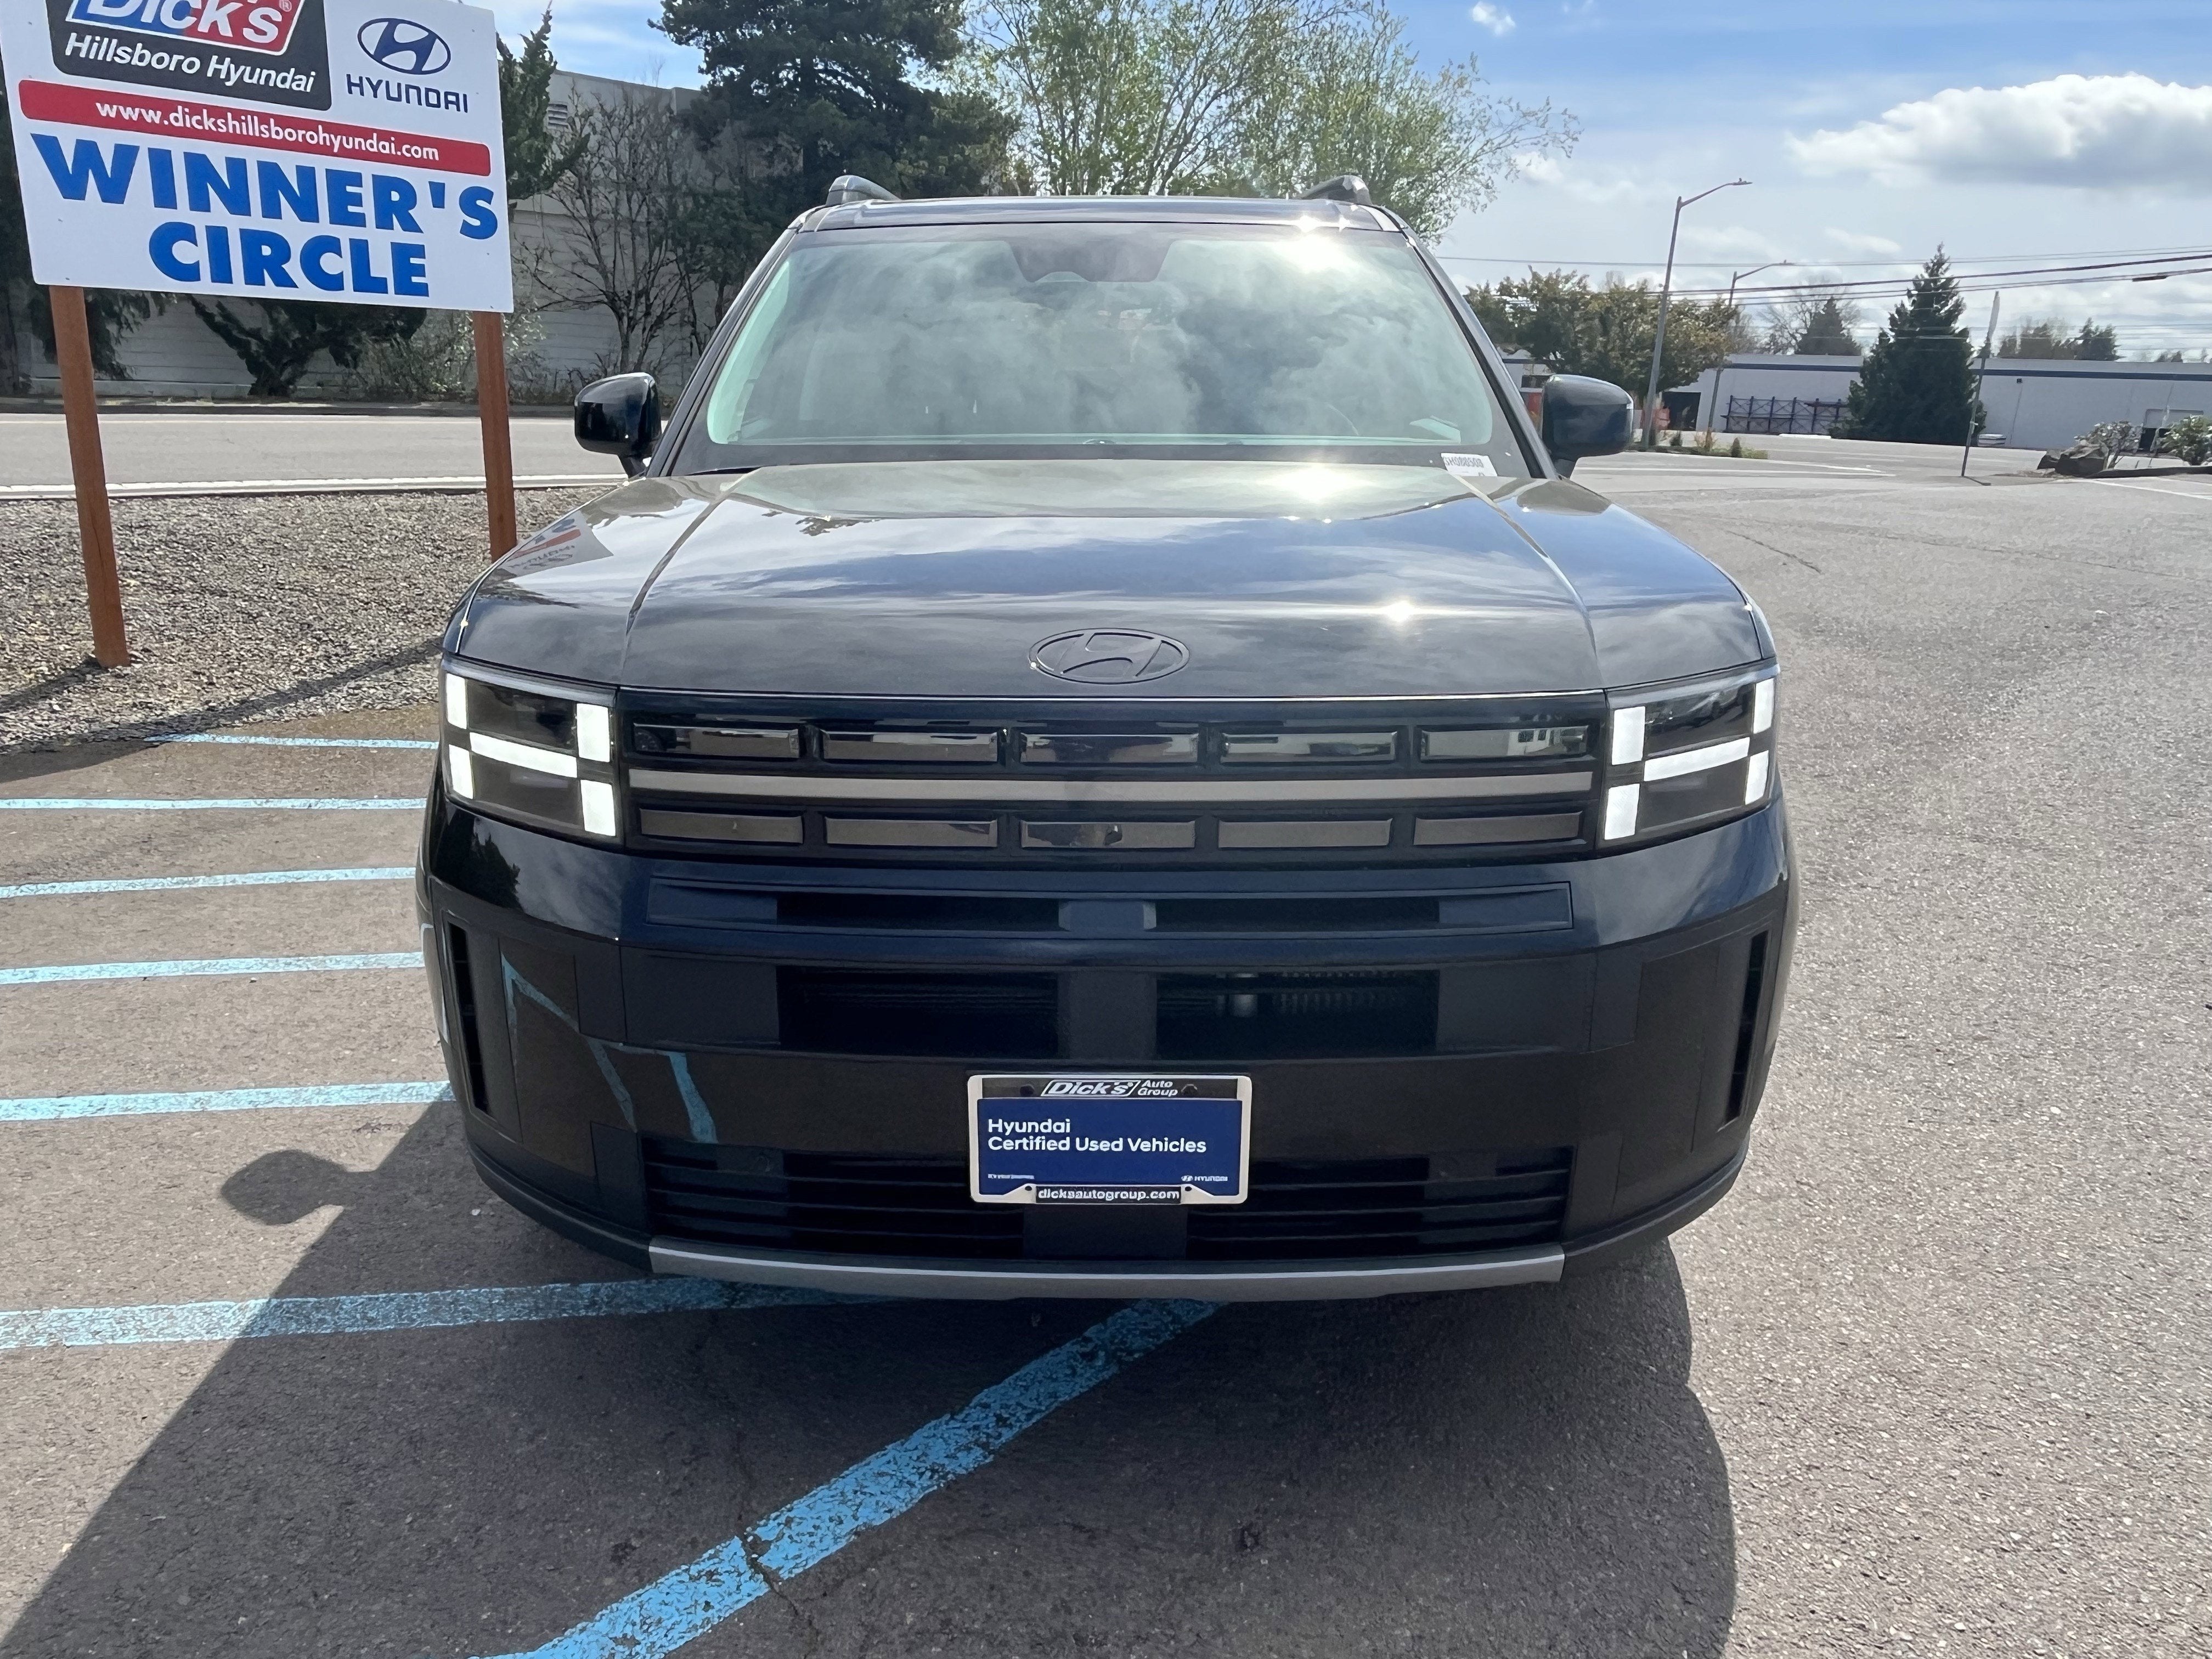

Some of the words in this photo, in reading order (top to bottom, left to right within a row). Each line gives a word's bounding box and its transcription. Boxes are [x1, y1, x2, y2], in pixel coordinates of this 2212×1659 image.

[65, 33, 200, 74] Hillsboro
[207, 55, 316, 92] Hyundai
[346, 74, 468, 113] HYUNDAI
[95, 100, 439, 161] www.dickshillsborohyundai.com
[31, 133, 498, 240] WINNER'S
[149, 222, 430, 297] CIRCLE
[1048, 1082, 1128, 1095] Dick's
[1137, 1088, 1178, 1097] Group
[988, 1119, 1071, 1135] Hyundai
[988, 1136, 1071, 1151] Certified
[1075, 1138, 1124, 1152] Used
[1127, 1138, 1207, 1153] Vehicles
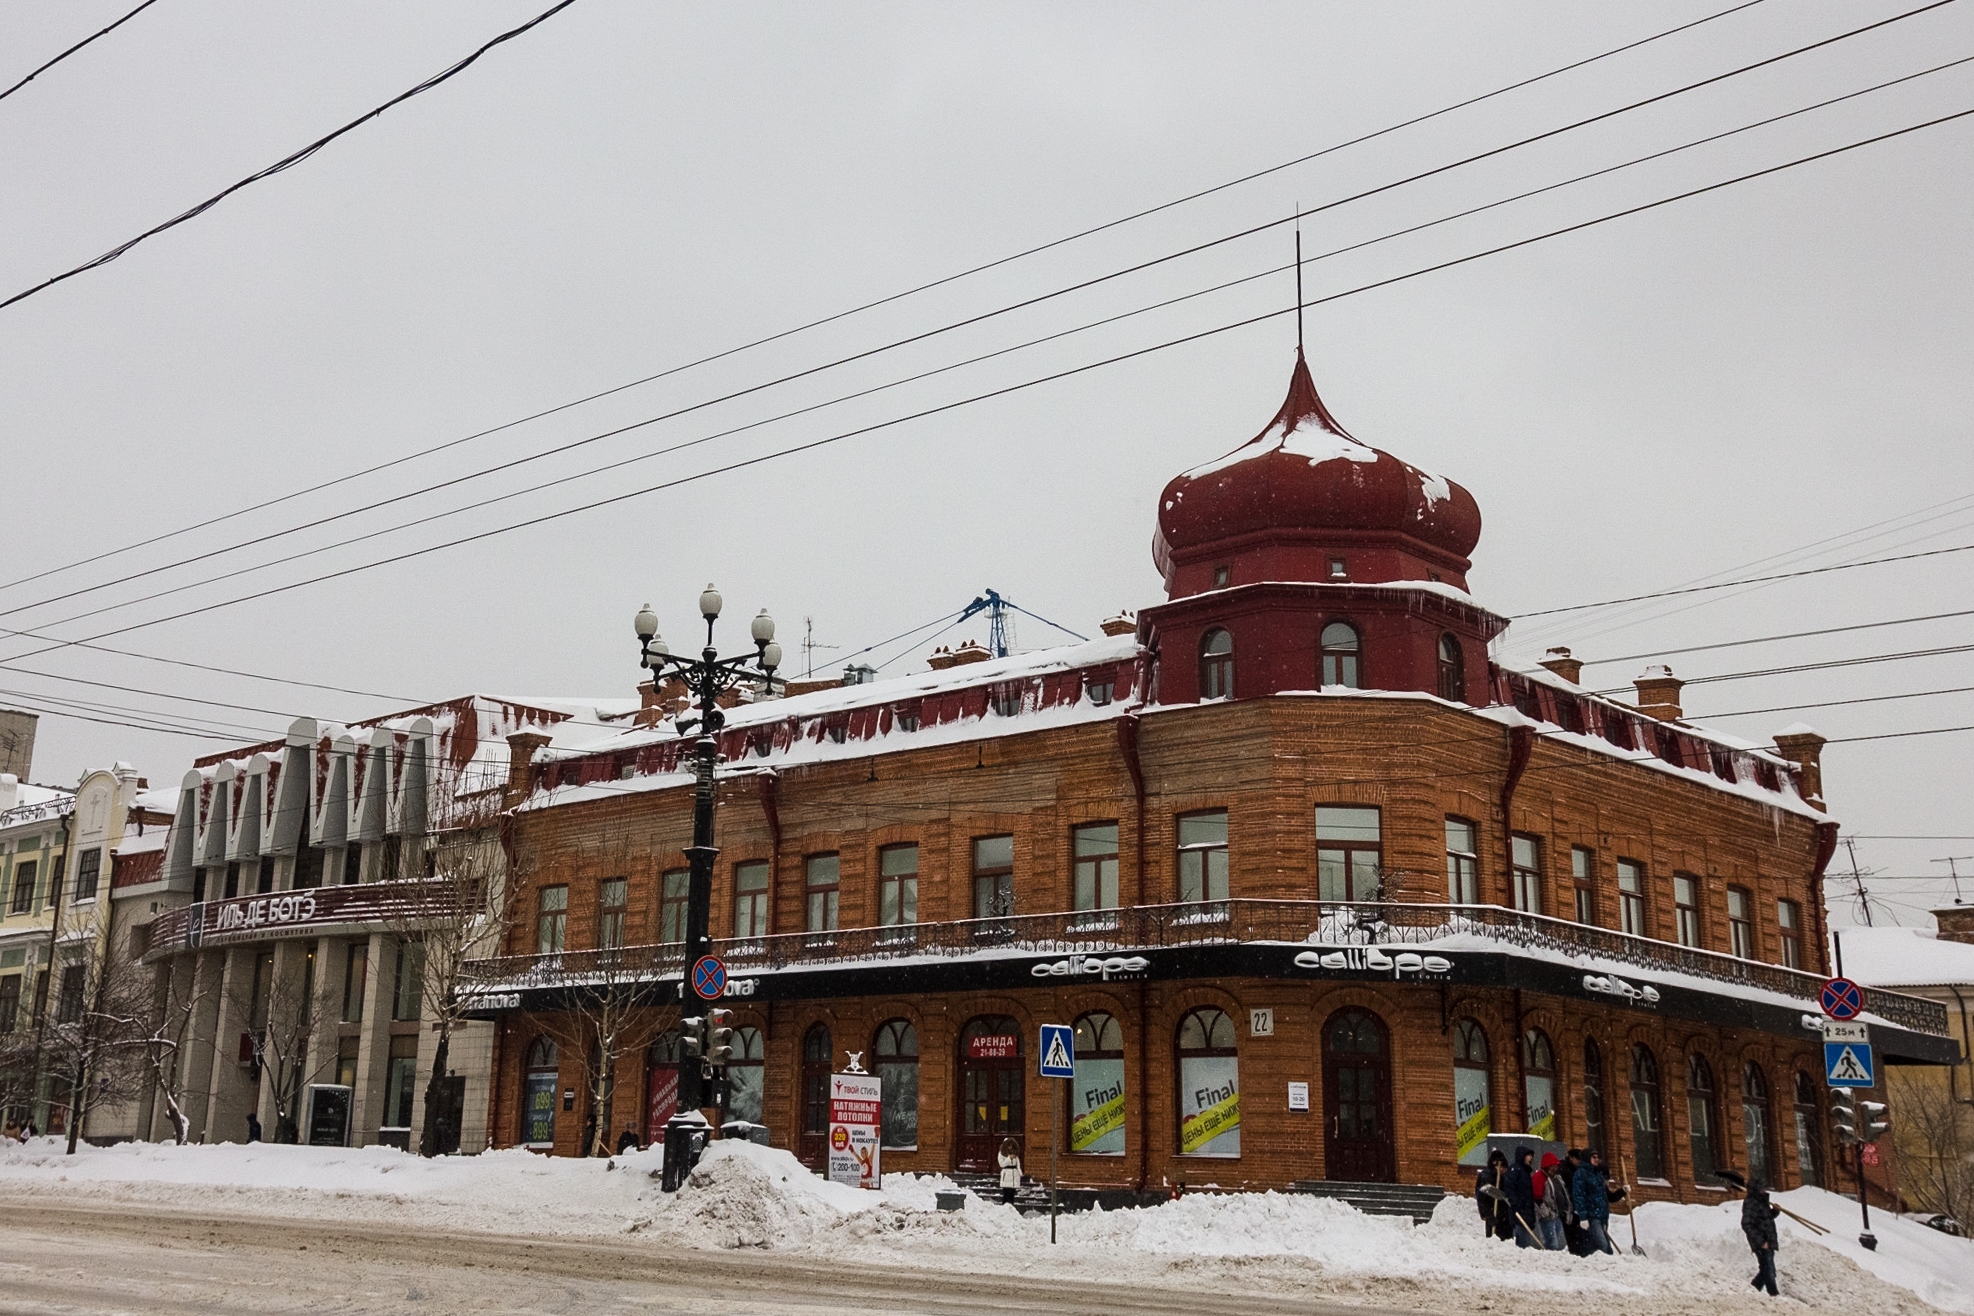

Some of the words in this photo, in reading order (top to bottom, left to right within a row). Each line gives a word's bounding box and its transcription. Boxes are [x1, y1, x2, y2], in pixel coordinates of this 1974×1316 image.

[217, 904, 244, 929] ИЛЬ
[244, 901, 267, 928] ДЕ
[1254, 1012, 1268, 1032] 22
[973, 1036, 1013, 1047] АРЕНДА
[844, 1085, 859, 1094] ТВОЙ
[860, 1086, 878, 1096] СТИЛЬ
[1085, 1080, 1122, 1109] Final
[1195, 1079, 1235, 1109] Final
[833, 1101, 877, 1113] НАТЯЖНЫЕ
[1457, 1092, 1484, 1119] Final
[837, 1111, 873, 1123] ПОТОЛКИ
[1073, 1123, 1093, 1144] ЦЕНЫ
[1182, 1125, 1204, 1145] ЦЕНЫ
[1203, 1111, 1222, 1131] ЕЩЁ

★ ★ ★ ★ ★

== Your task ==
Each entry above should be restated word for word, though no picture may appear in the copy.

== Answer for the task ==
Some of the words in this photo, in reading order (top to bottom, left to right within a row). Each line gives a word's bounding box and its transcription. Boxes are [x1, y1, x2, y2], in pixel coordinates of this 2212×1659 image.

[65, 33, 200, 74] Hillsboro
[207, 55, 316, 92] Hyundai
[346, 74, 468, 113] HYUNDAI
[95, 100, 439, 161] www.dickshillsborohyundai.com
[31, 133, 498, 240] WINNER'S
[149, 222, 430, 297] CIRCLE
[1048, 1082, 1128, 1095] Dick's
[1137, 1088, 1178, 1097] Group
[988, 1119, 1071, 1135] Hyundai
[988, 1136, 1071, 1151] Certified
[1075, 1138, 1124, 1152] Used
[1127, 1138, 1207, 1153] Vehicles

Some of the words in this photo, in reading order (top to bottom, left to right within a row). Each line gives a word's bounding box and its transcription. Boxes are [x1, y1, x2, y2], in pixel coordinates of this 1974×1316 image.

[217, 904, 244, 929] ИЛЬ
[244, 901, 267, 928] ДЕ
[1254, 1012, 1268, 1032] 22
[973, 1036, 1013, 1047] АРЕНДА
[844, 1085, 859, 1094] ТВОЙ
[860, 1086, 878, 1096] СТИЛЬ
[1085, 1080, 1122, 1109] Final
[1195, 1079, 1235, 1109] Final
[833, 1101, 877, 1113] НАТЯЖНЫЕ
[1457, 1092, 1484, 1119] Final
[837, 1111, 873, 1123] ПОТОЛКИ
[1073, 1123, 1093, 1144] ЦЕНЫ
[1182, 1125, 1204, 1145] ЦЕНЫ
[1203, 1111, 1222, 1131] ЕЩЁ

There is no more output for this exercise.